Symptoms may intensify when they are criticized, so it is important to stay away from judgmental statements and oversimplified answers. These only serve to generate more anxiety and feelings of guilt or shame. Instead, encourage continued treatment and/or therapy, be supportive and practice compassionate listening.
Strategies for Caring for a Loved One With OCD
Beyond helping your loved one find an appropriate treatment, supporting him or her and learning all that you can about OCD, there are some additional strategies to keep in mind. Practice the following caregiving strategies to help your loved one live with obsessive compulsive disorder.
Encourage Gradual Change, but Expect Setbacks
For your loved one, change of any kind can be stressful. Even though he or she may be involved in treatment and it may be going well, keep in mind that even positive changes can cause symptoms to flare up. Try to help moderate stress levels by making the home a positive place, free from unnecessary conflict.
Modify your expectations and be realistic about the process. Setbacks are common. Avoid day-to-day comparisons, as ups and downs are common in the treatment process. While it is great to expect your loved one to function at his or her highest ability, expecting perfection is counterproductive. Be patient. Any improvement, even slow or gradual, is a step in the right direction. Acknowledge and celebrate even small accomplishments.
Follow Treatment Plans and Be Engaged
Do not undermine the professional advice, treatment plan and medication instructions provided by the medical professional familiar with your loved one’s case. Ask your loved one if he or she is comfortable with you joining doctor appointments or participating in joint therapy sessions.
Meeting with a therapist together fosters open communication. The therapist can also offer suggestions for additional communication strategies such as avoiding lengthy explanations in response to questions seeking constant reassurance. The therapist can also explain why practicing certain strategies are effective.
Do not be afraid to ask questions or seek clarification, especially regarding prescribed medication. Getting to know the side effects and possible interactions between medications is important. Encourage your loved one to take medication as prescribed.
Practice Relaxation Techniques and Healthy Habits
Relaxation techniques are one way to calm anxiety. While they will not make obsessive thoughts disappear, they can provide temporary relief.
Mindful meditation, deep breathing and yoga can reduce stress and help your loved one manage his or her compulsive urges better. Practicing relaxation techniques is most effective when done regularly so they can establish new, positive patterns and habits.

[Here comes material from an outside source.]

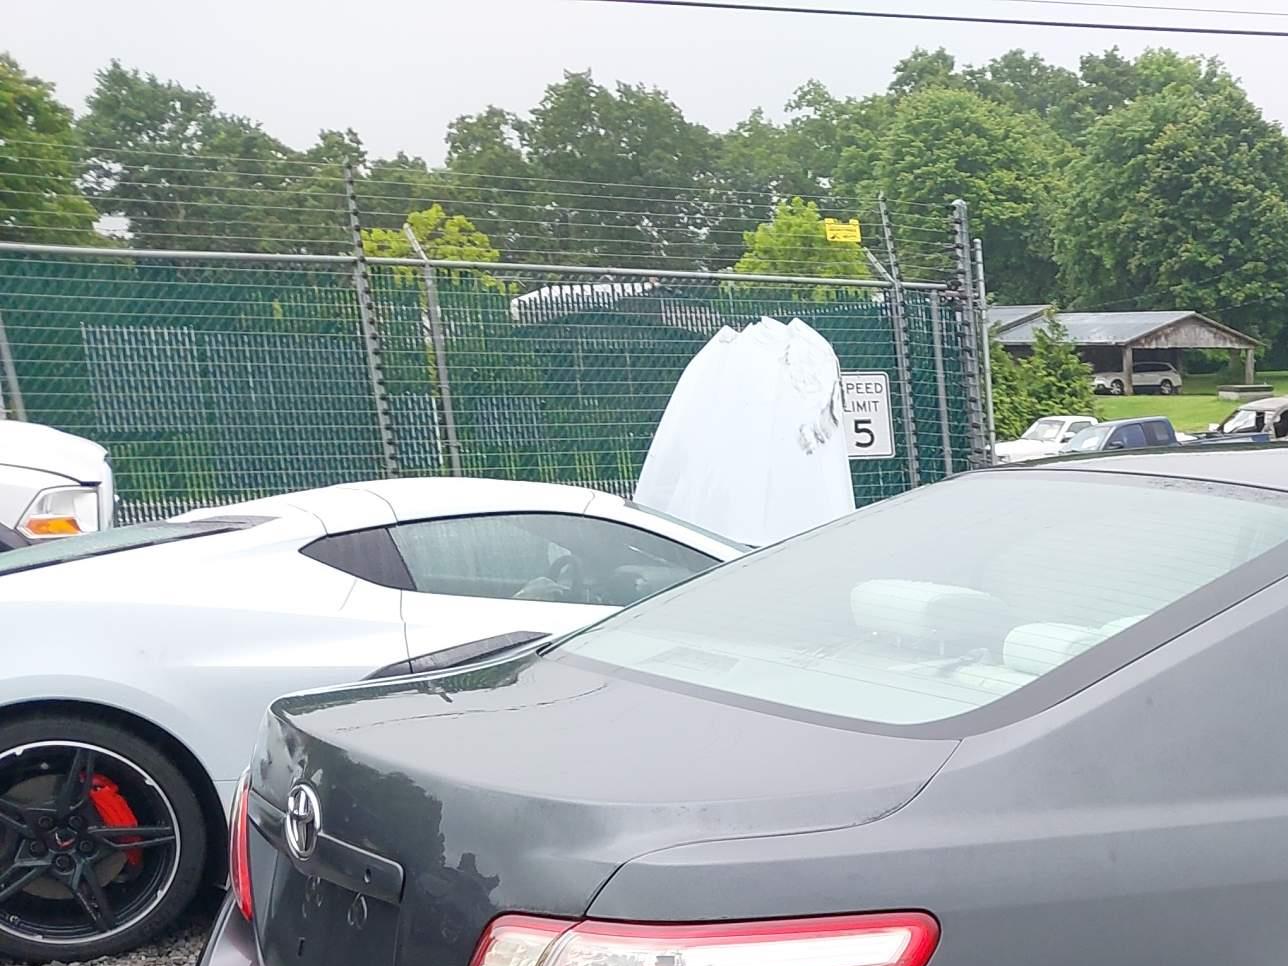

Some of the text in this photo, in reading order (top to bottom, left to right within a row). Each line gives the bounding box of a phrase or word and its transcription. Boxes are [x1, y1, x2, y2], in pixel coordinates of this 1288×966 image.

[846, 382, 883, 394] PEED
[844, 401, 879, 412] LIMIT
[854, 419, 875, 448] 5
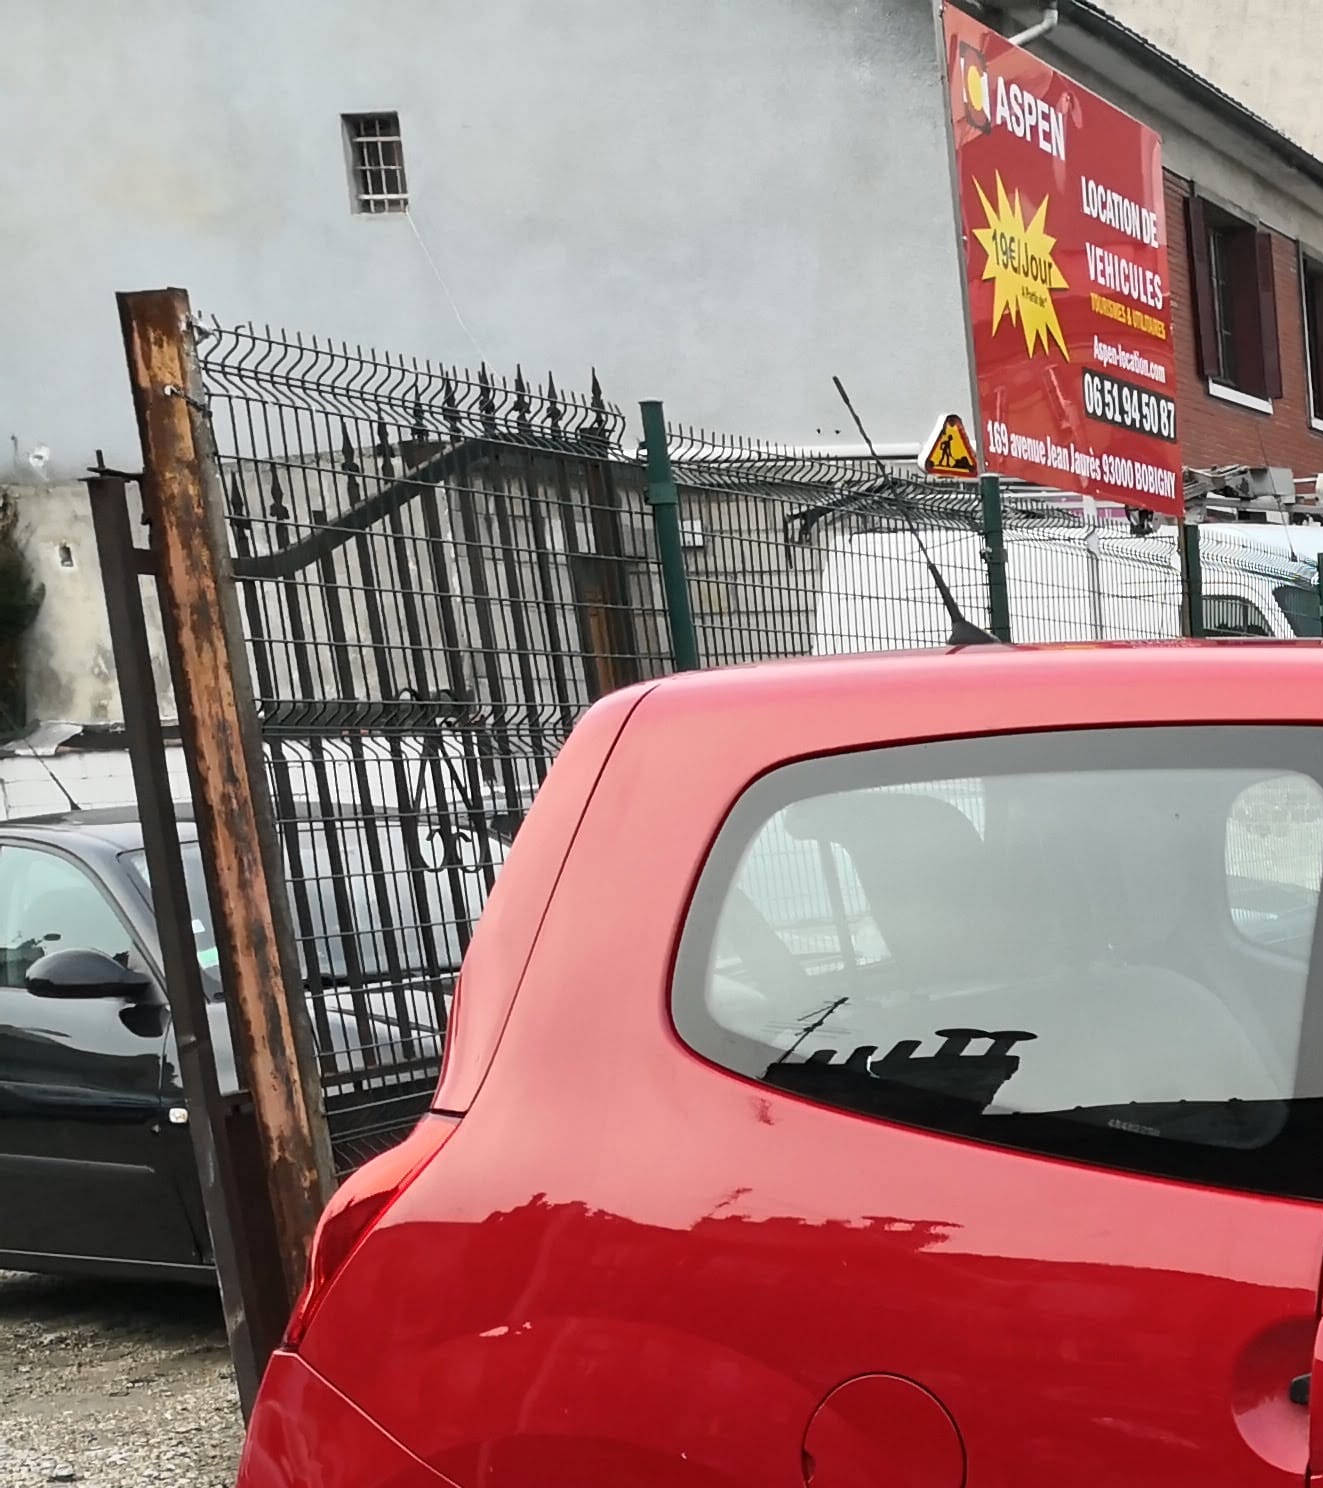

Avoid alcohol and nicotine, which cause symptoms of anxiety when they wear off. Nicotine is a stimulant that leads to higher levels of anxiety. Establishing other healthy habits like getting regular exercise, having adequate sleep and eating nutritious meals also contribute to your loved one feeling more stable. Exercise is a natural way to refocus the mind and help control OCD symptoms. While exercise and sleep will not cure obsessive compulsive disorder, it can make it easier to manage.